Banks and Economic Growth: Implications from Japanese History

43 Pages Posted: 4 Sep 2000

See all articles by Yoshiro Miwa

Yoshiro Miwa

Osaka Gakuin University

J. Mark Ramseyer

Harvard Law School

Multiple version iconThere are 2 versions of this paper

Date Written: August 2000

Abstract

In the 1950s and 60s, Alexander Gerschenkron claimed that banks facilitate economic growth among "backward" countries. In 1990s and 2000s, many theorists similarly claim that banks promote growth. Banks do so by their superior monitoring and screening capabilities, they reason.

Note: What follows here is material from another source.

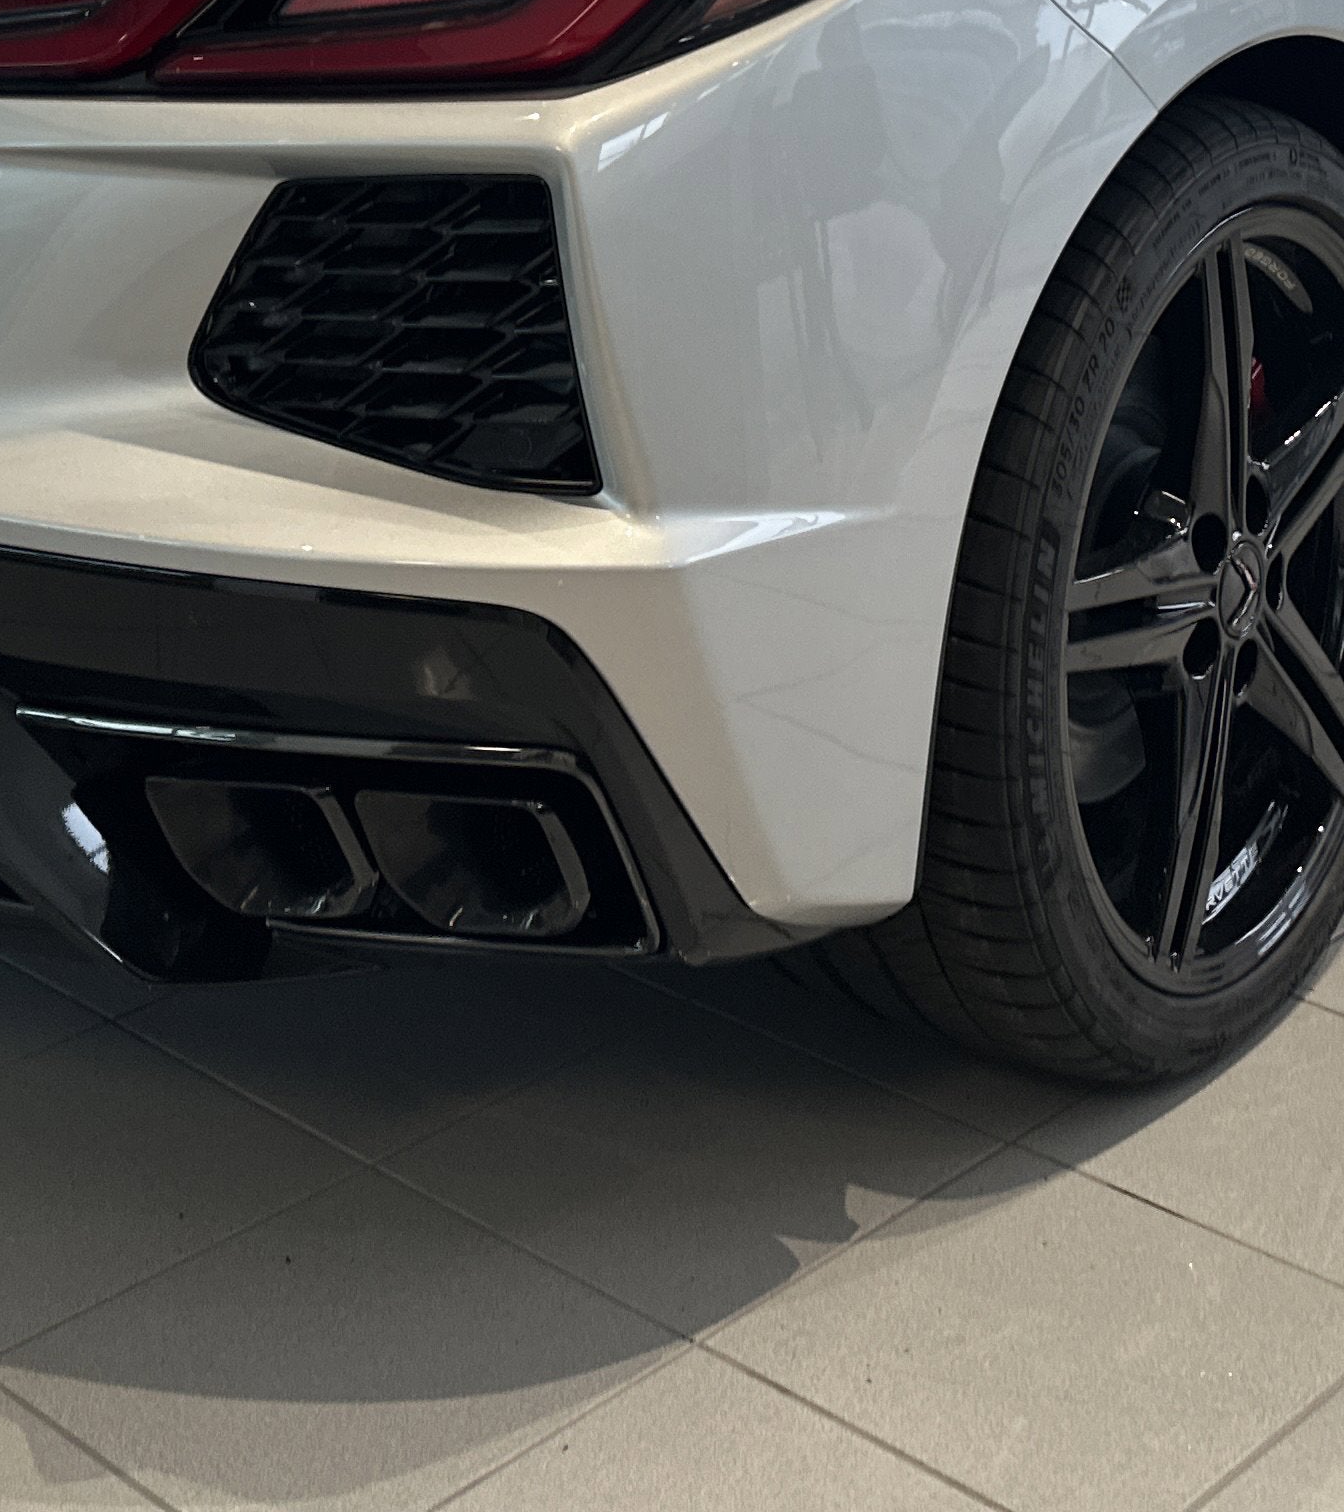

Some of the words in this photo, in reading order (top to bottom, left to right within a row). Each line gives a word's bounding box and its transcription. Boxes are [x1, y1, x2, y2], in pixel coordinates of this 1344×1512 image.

Through those capabilities, banks reduce informational asymmetries and the attendent moral hazard and adverse selection, and thereby improve the allocation of credit.

As a fast-growth but allegedly bank-centered economy, Japan plays an important part in these discussions of finance and growth. In early 20th century Japan firms relied heavily on bank debt, observers argue. Those firms with preferential access to debt outperformed the others, and those that were part of the zaibatsu corporate groups obtained that preferential access through their affiliated banks.

With data from the first half of the century, we ask whether Japanese banks performed the roles Gerschenkron and modern theorists assign them. Notwithstanding the usual accounts, we find that they did not. Japan was not a bank-centered economy; instead, firms relied overwhelmingly on equity finance. It was not an economy where firms with access to bank credit outperformed their rivals; instead, firms earned no advantage from such access. And it was not a world where the zaibatsu manipulated their banks to favor affiliated firms; instead, zaibatsu banks loaned affiliated firms little more (if any) than the deposits those firms had made with the banks. During the first half of the last century, Japanese firms obtained almost all their funds through decentralized, competitive capital markets.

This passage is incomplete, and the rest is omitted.